* [WHAT IS EXPECTED]:
Everything from the line containing "this 1920×1440 image." through the last line of the records must be returned verbatim, and nothing outside that range.

* [DATASET RECORDS]:
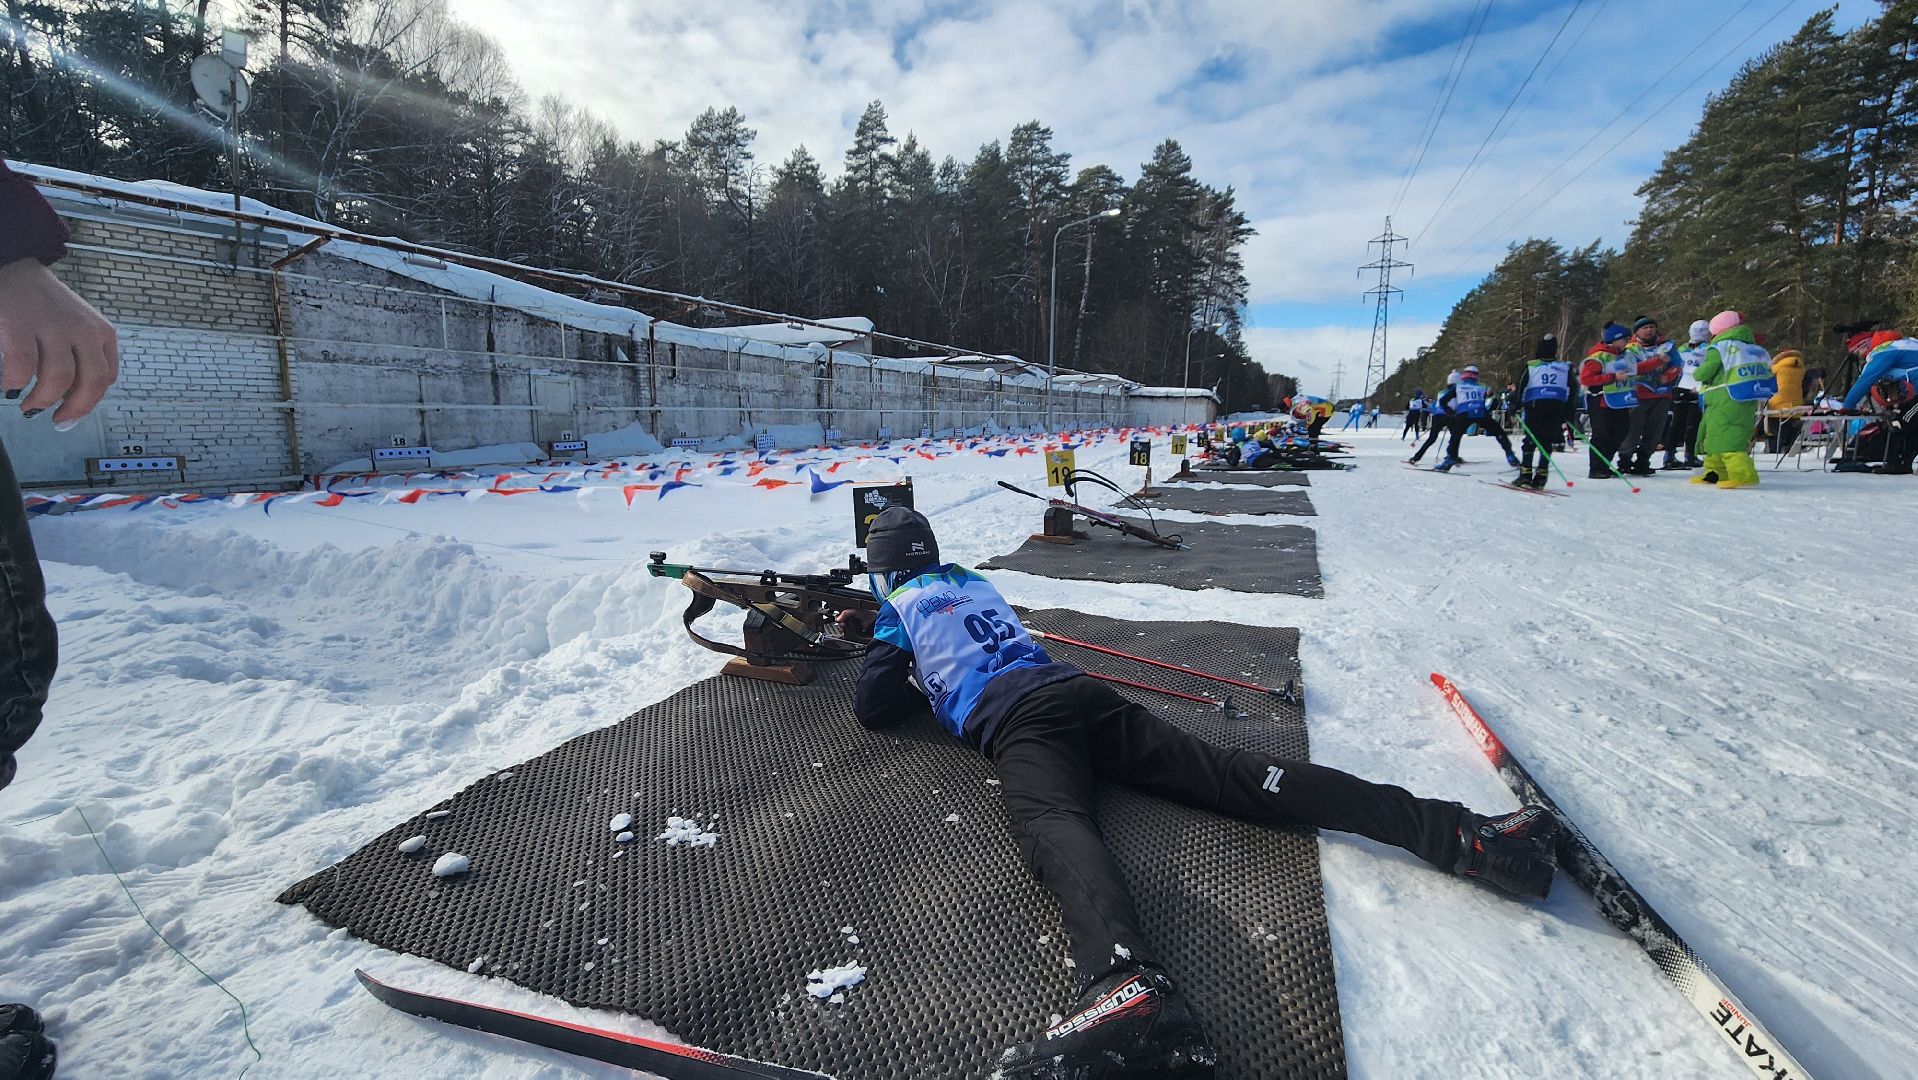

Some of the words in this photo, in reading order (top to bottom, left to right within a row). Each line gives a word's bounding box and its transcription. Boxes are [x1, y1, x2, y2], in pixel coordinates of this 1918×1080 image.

[1541, 373, 1558, 385] 92
[393, 438, 406, 446] 18
[1173, 443, 1184, 454] 17
[122, 445, 144, 455] 19
[1133, 452, 1148, 465] 18
[963, 608, 1016, 655] 95
[1045, 980, 1147, 1041] ROSSIGNOL
[1721, 998, 1753, 1028] JUNIOR
[1709, 1001, 1795, 1080] KATE
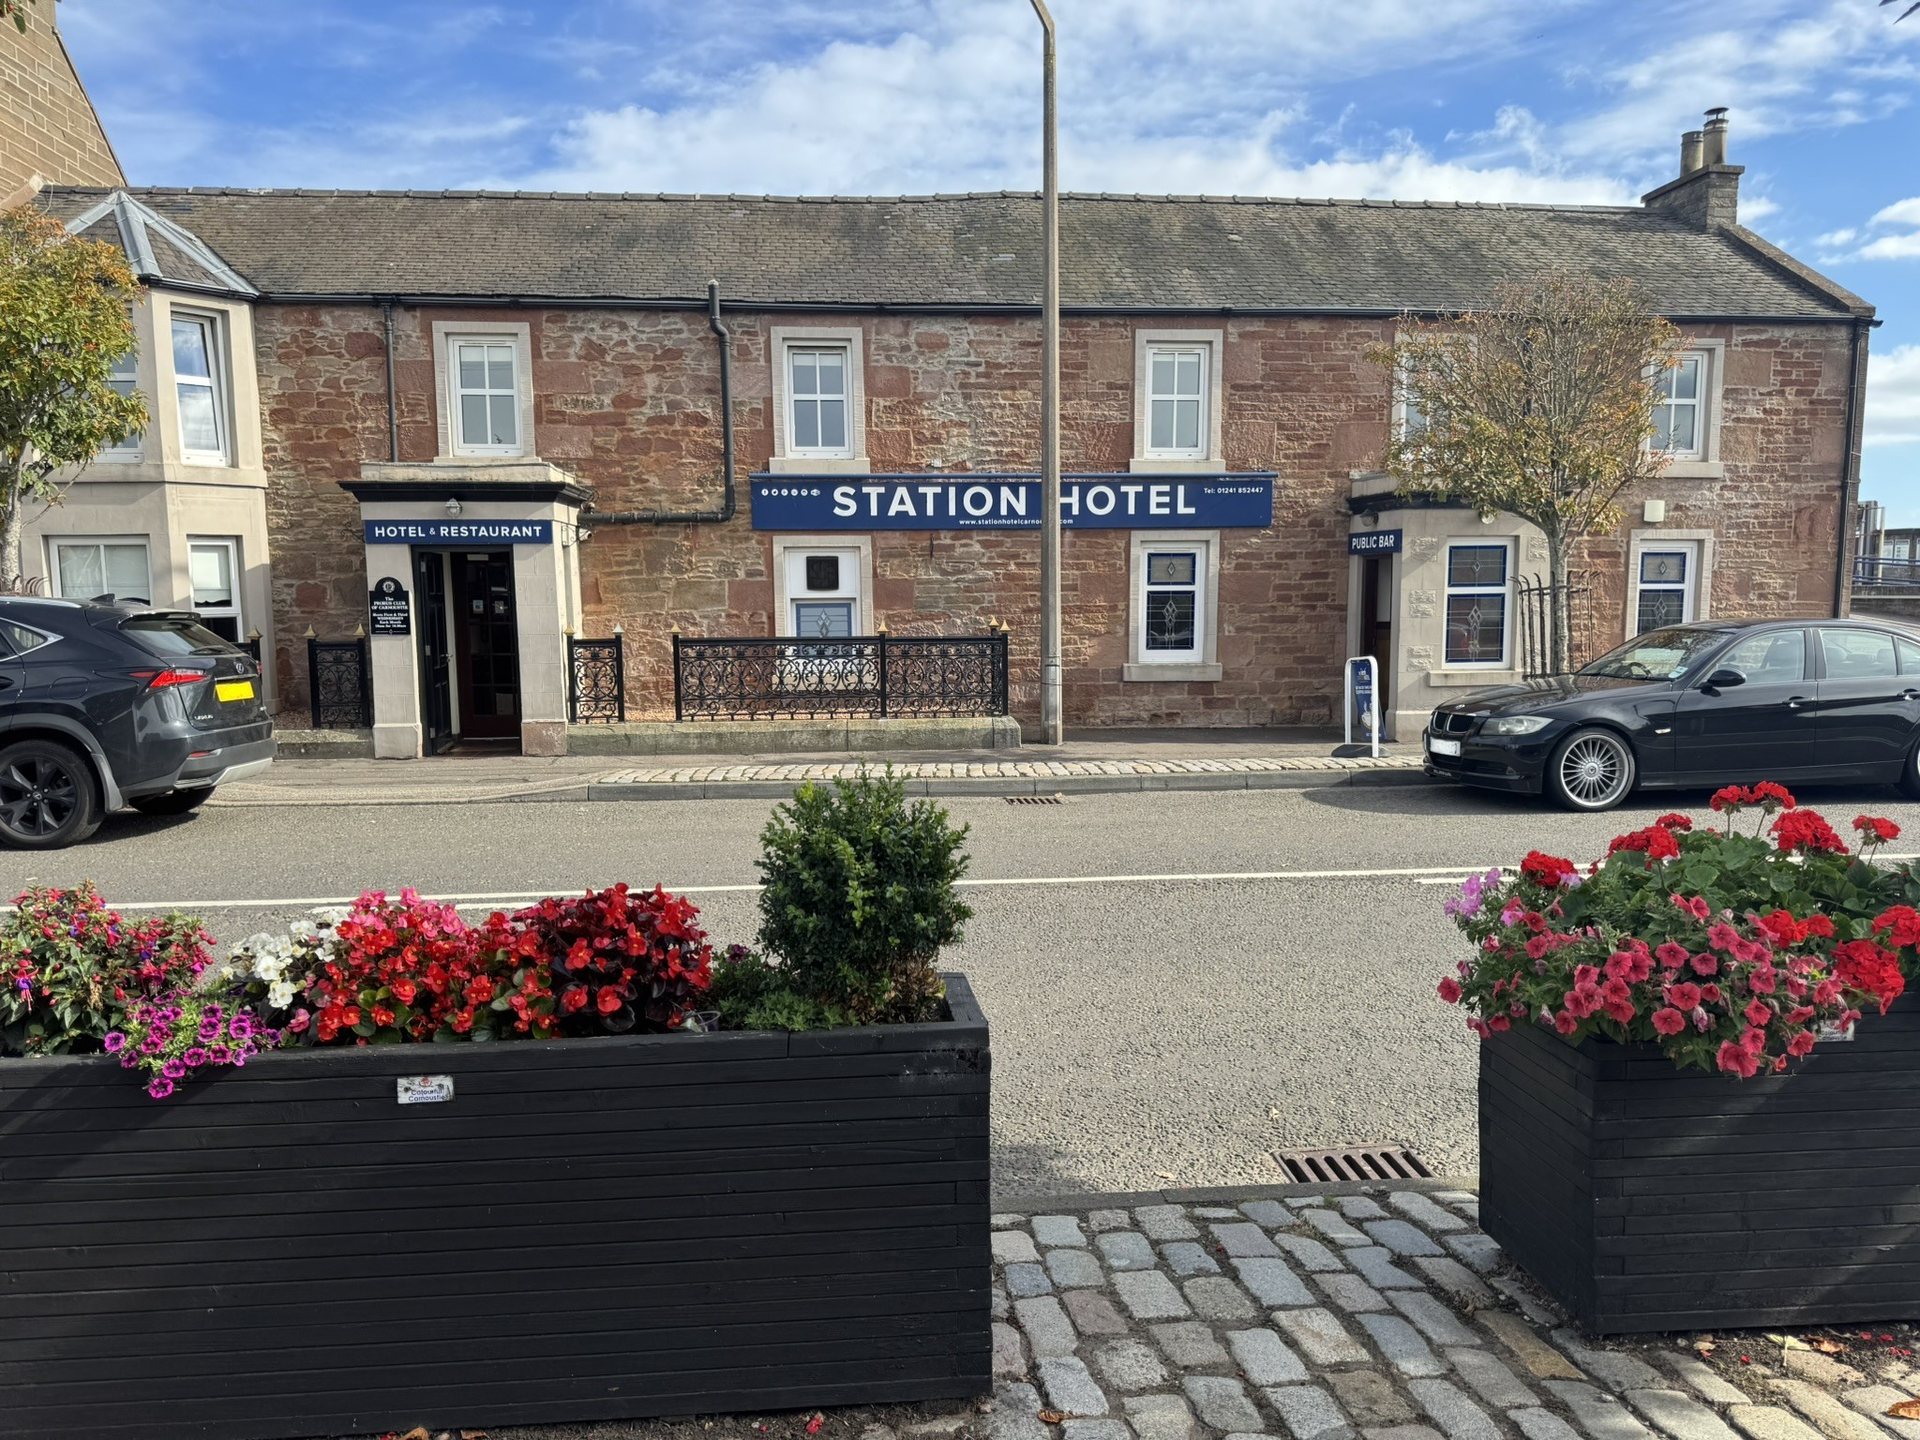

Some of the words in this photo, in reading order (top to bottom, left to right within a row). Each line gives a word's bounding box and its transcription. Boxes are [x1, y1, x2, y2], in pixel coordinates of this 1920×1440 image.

[833, 485, 1027, 517] STATION
[1060, 485, 1196, 516] HOTEL
[374, 526, 426, 537] HOTEL
[429, 527, 436, 536] &
[440, 526, 542, 537] RESTAURANT
[1352, 536, 1377, 550] PUBLIC
[1378, 535, 1394, 548] BAR

* [WRITTEN ANSWER]:
Some of the words in this photo, in reading order (top to bottom, left to right within a row). Each line gives a word's bounding box and its transcription. Boxes are [x1, y1, x2, y2], in pixel coordinates of this 1920×1440 image.

[833, 485, 1027, 517] STATION
[1060, 485, 1196, 516] HOTEL
[374, 526, 426, 537] HOTEL
[429, 527, 436, 536] &
[440, 526, 542, 537] RESTAURANT
[1352, 536, 1377, 550] PUBLIC
[1378, 535, 1394, 548] BAR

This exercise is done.